デイジアはアーチに言ったのだ、わたしの双子の黄色いクマちゃんと同じであなたも妹を守っているのね!っとエットの存在に気付き無邪気に、笑いながら……。
恐らく聡明なデイジアは気付いてしまったのだろう、一人が二人であることを。
物心ついた頃には自分達がどうして隠されなければならないのかアーチもエットも理解していた。
どちらかが死すべき運命だったのだと。
父が罪を償うようにラビュリントス王国と交流を持ち、生け贄の風習を廃止にしたとしても自分達の代わりに捧げられた双子が居るという罪悪感は何処までも二人の心に付きまとい、本当は生きていてはいけなかったのだという呪いとなって心を暗く蝕んでいた。

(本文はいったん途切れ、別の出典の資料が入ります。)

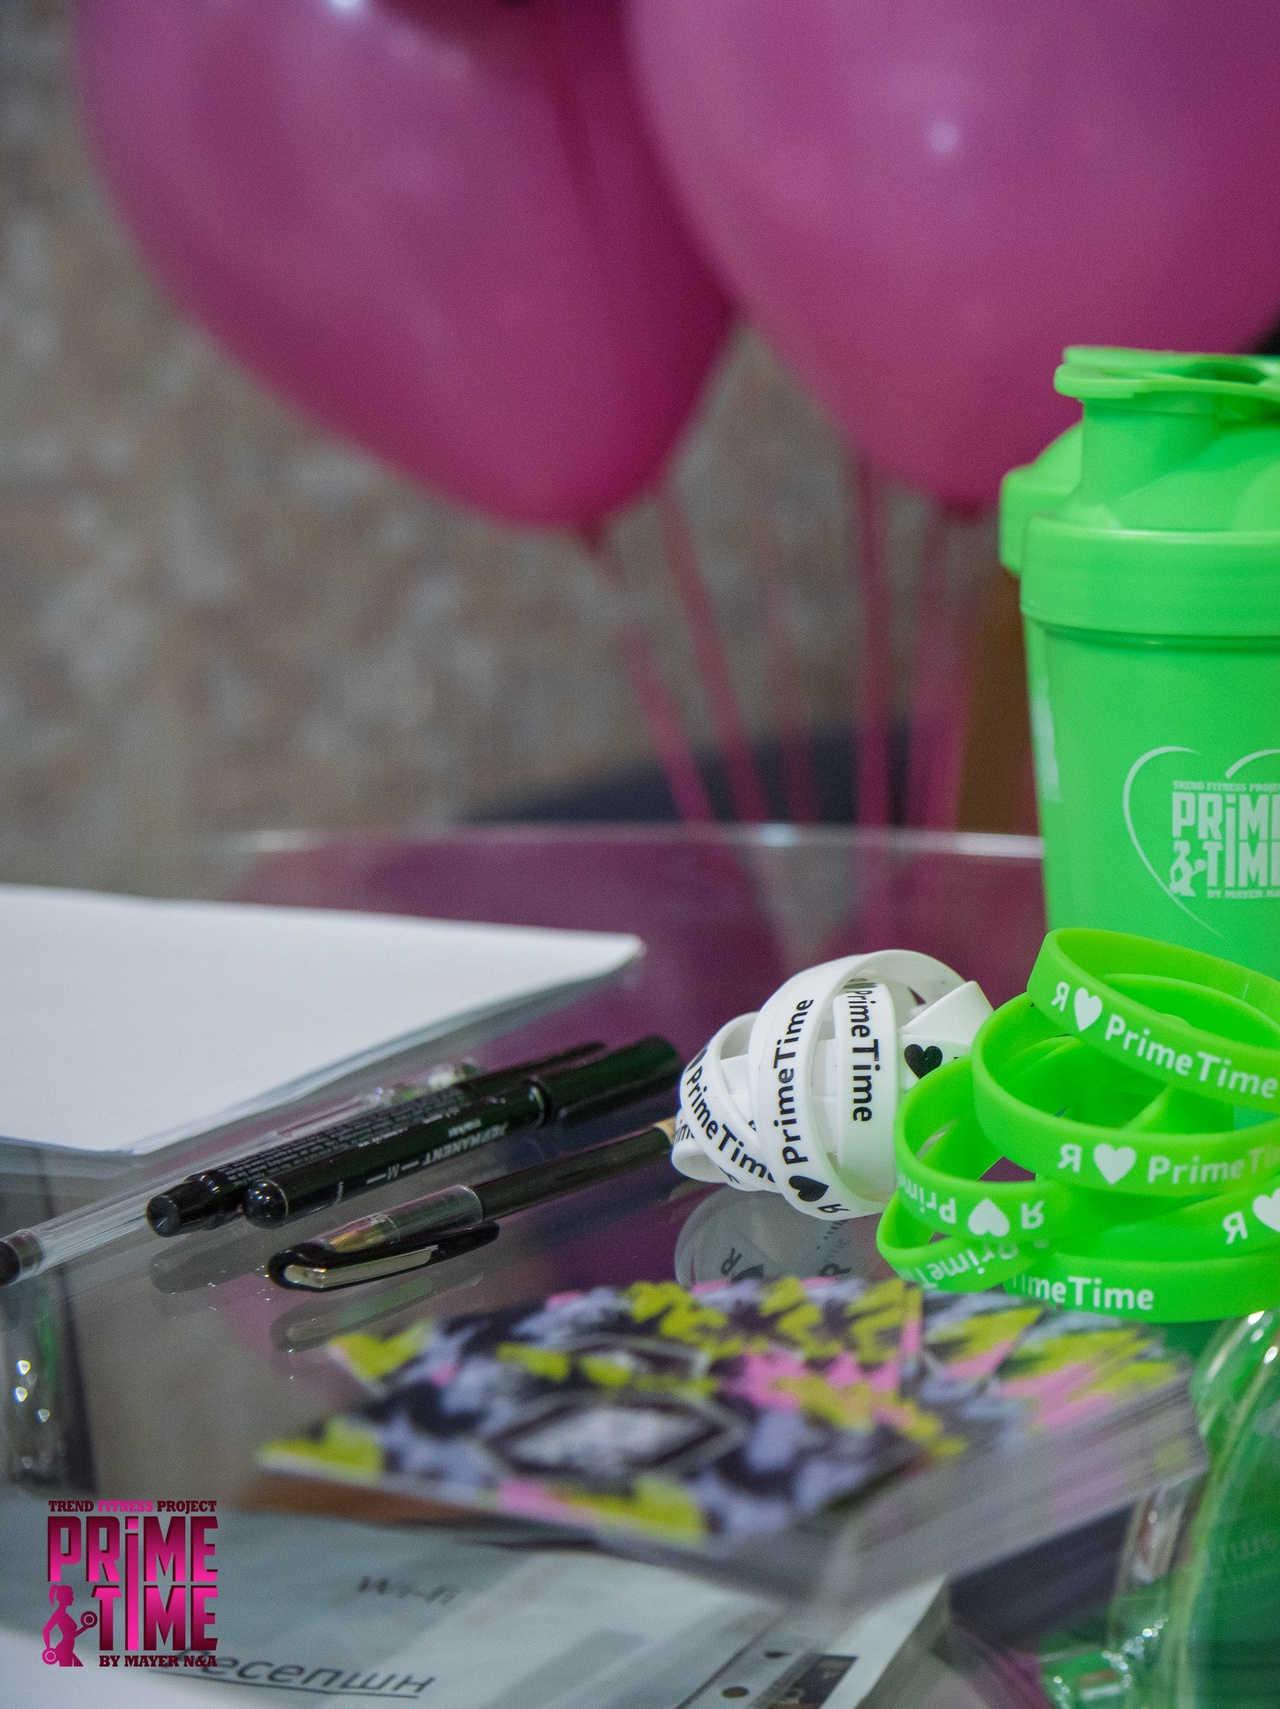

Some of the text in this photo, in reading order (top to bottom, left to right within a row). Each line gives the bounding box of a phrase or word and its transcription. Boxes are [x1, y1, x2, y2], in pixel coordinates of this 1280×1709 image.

[773, 998, 814, 1165] PrimeTime
[847, 989, 880, 1123] PrimeTime
[1051, 981, 1279, 1099] Я PrimeTime
[1057, 1143, 1083, 1173] Я
[1222, 1211, 1248, 1245] Я

「私は優しく聡明だった兄が変わってしまったことをそこで漸く気付いたのです。あの子供達は私だったのです、殺され谷に捨てられるはずだった私達だったのです!だからこそ儀式を続けると言い出すであろう兄を止めるには……!いや、本当に申し訳ない!私が不甲斐ないばかりにこんなことに……!」
エットはアーチが変わっていたことに気付いていながら気付かないふりをしていたのかもしれない。

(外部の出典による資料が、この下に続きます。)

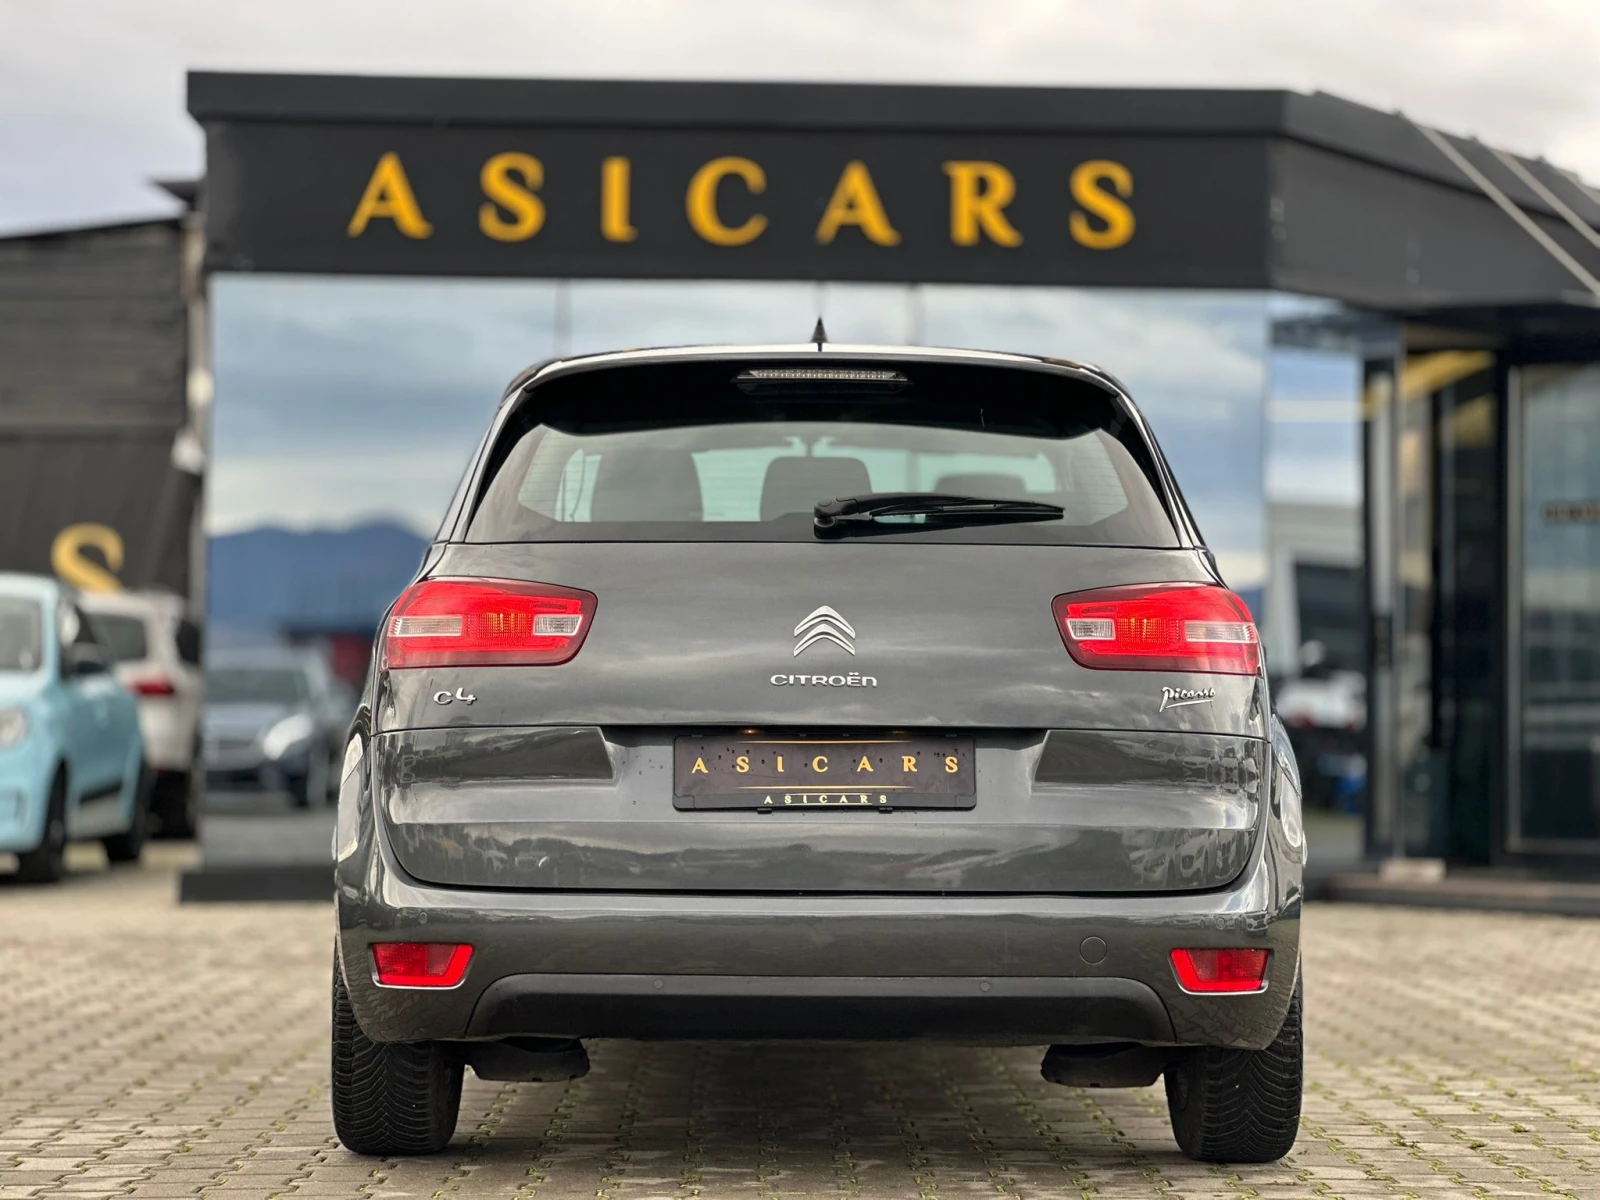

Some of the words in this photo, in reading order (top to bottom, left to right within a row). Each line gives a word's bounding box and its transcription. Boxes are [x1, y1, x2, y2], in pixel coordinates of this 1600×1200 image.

[347, 151, 1137, 249] ASICARS
[433, 687, 477, 705] C4
[691, 755, 959, 774] ASICARS
[764, 794, 887, 804] ASICARS

地下から出るなと追いやられたとき、書類整理で気付いた不透明なお金の流れ……お前の手でデイジアを殺せと言われたとき……幾らでも気付くべき、きっかけがあったというのに。
一年前のあの日まで見ないふりをしてしまった愚かな自分がこの悲劇を生んでしまったのだとエットは跪いたその身を罰するように蹲る。